WHAT TO WORK ON: Each record needs to be retyped exactly, though its pictures should not appear.

EXERCISE DATA:
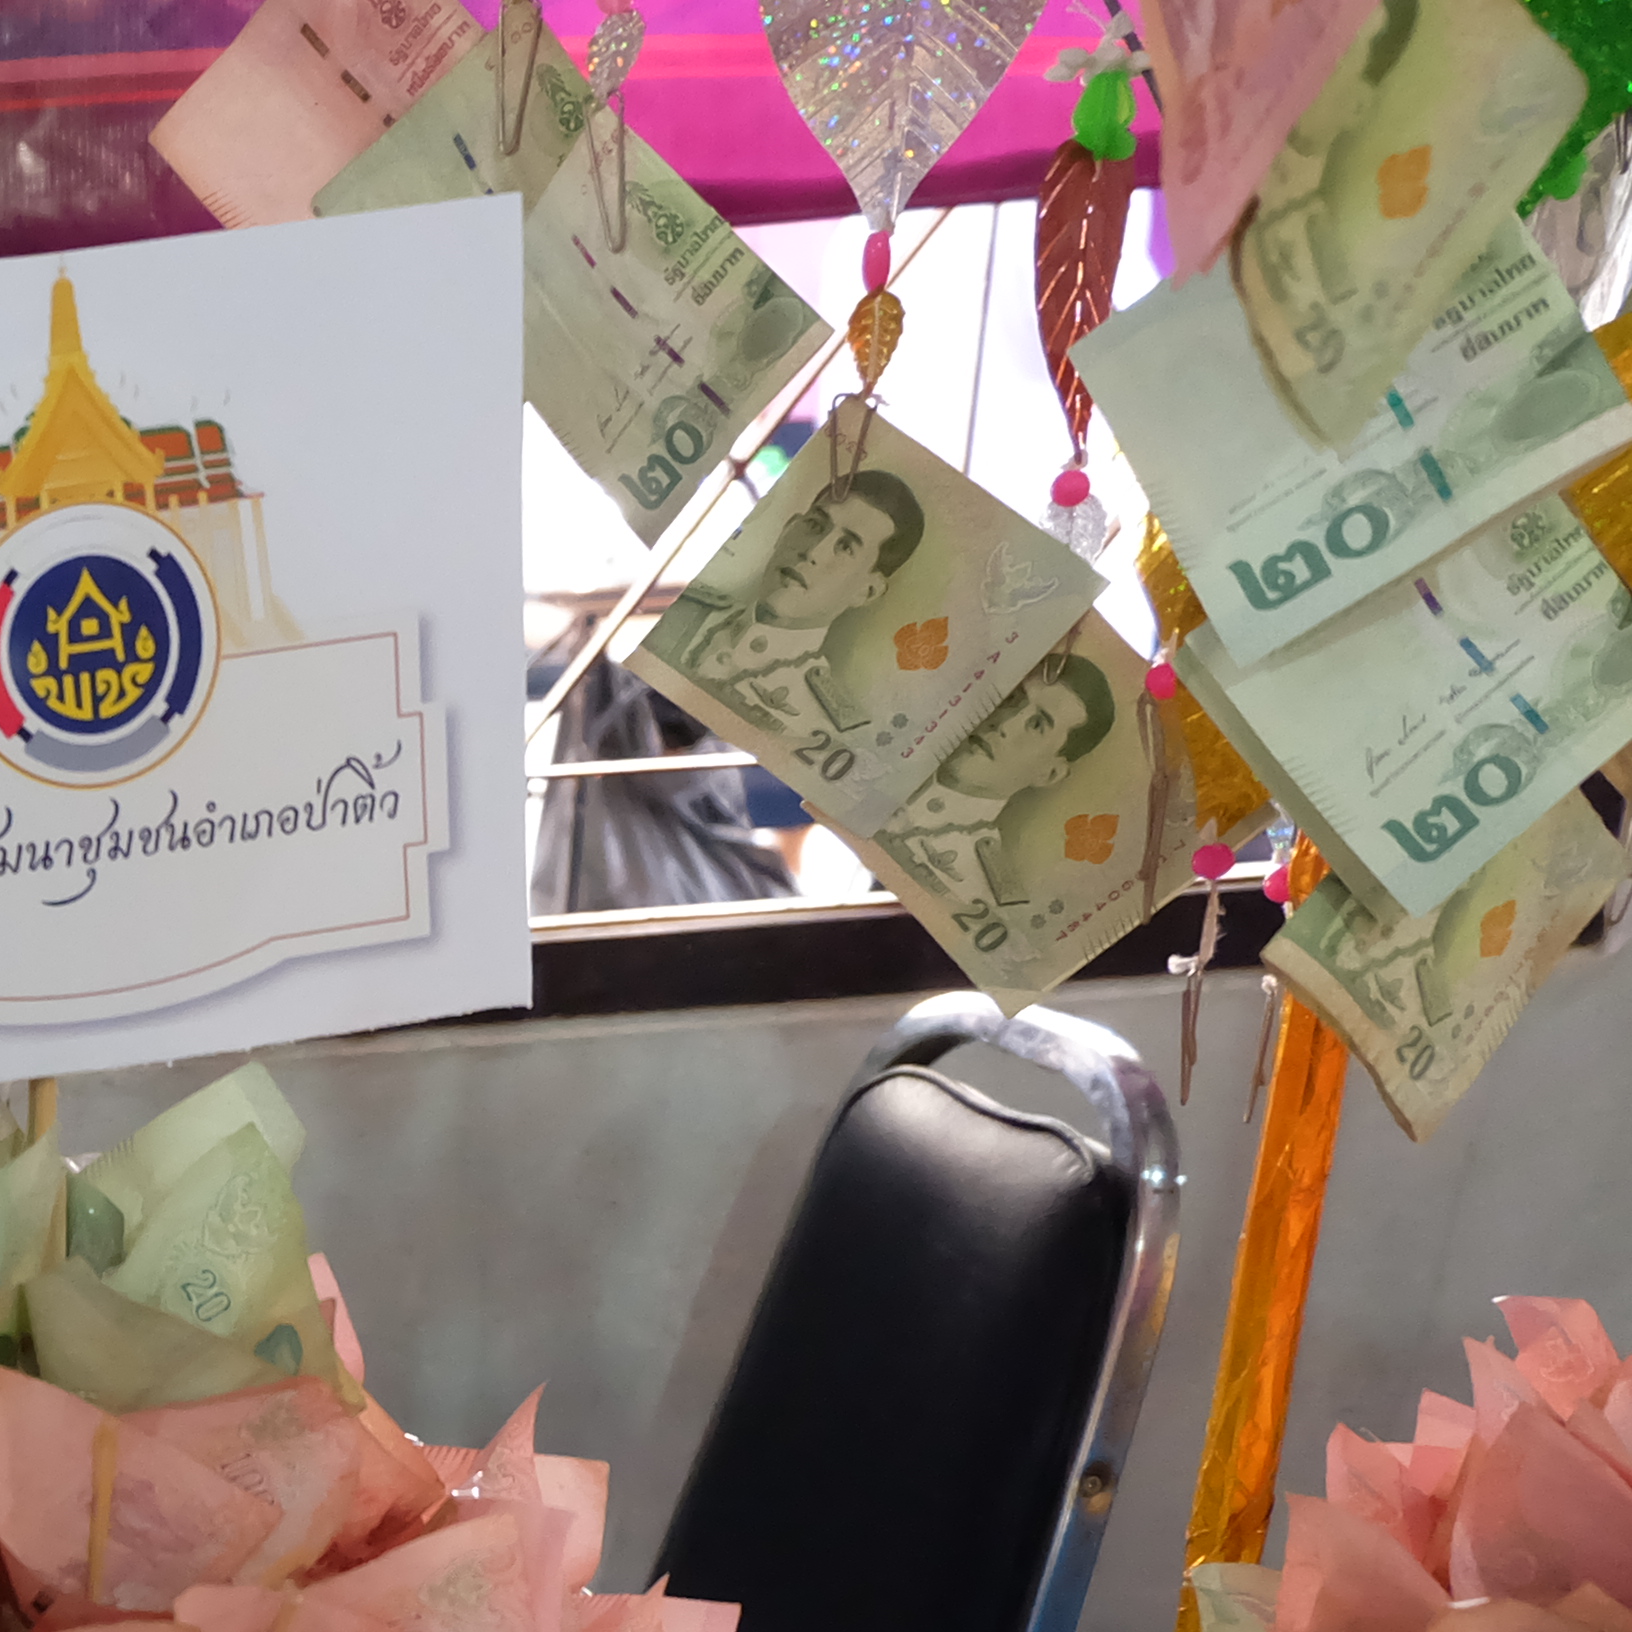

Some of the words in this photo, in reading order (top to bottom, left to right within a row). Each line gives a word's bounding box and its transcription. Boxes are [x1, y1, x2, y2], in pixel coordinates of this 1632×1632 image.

[617, 419, 708, 513] ๒๐
[1228, 496, 1391, 613] ๒๐
[794, 728, 857, 785] 20
[1381, 749, 1526, 865] ๒๐
[950, 899, 1011, 955] 20
[1394, 1023, 1437, 1081] 20
[181, 1266, 232, 1325] 20

SOLUTION TO THIS PROBLEM:
Some of the words in this photo, in reading order (top to bottom, left to right within a row). Each line gives a word's bounding box and its transcription. Boxes are [x1, y1, x2, y2], in pixel coordinates of this 1632×1632 image.

[617, 419, 708, 513] ๒๐
[1228, 496, 1391, 613] ๒๐
[794, 728, 857, 785] 20
[1381, 749, 1526, 865] ๒๐
[950, 899, 1011, 955] 20
[1394, 1023, 1437, 1081] 20
[181, 1266, 232, 1325] 20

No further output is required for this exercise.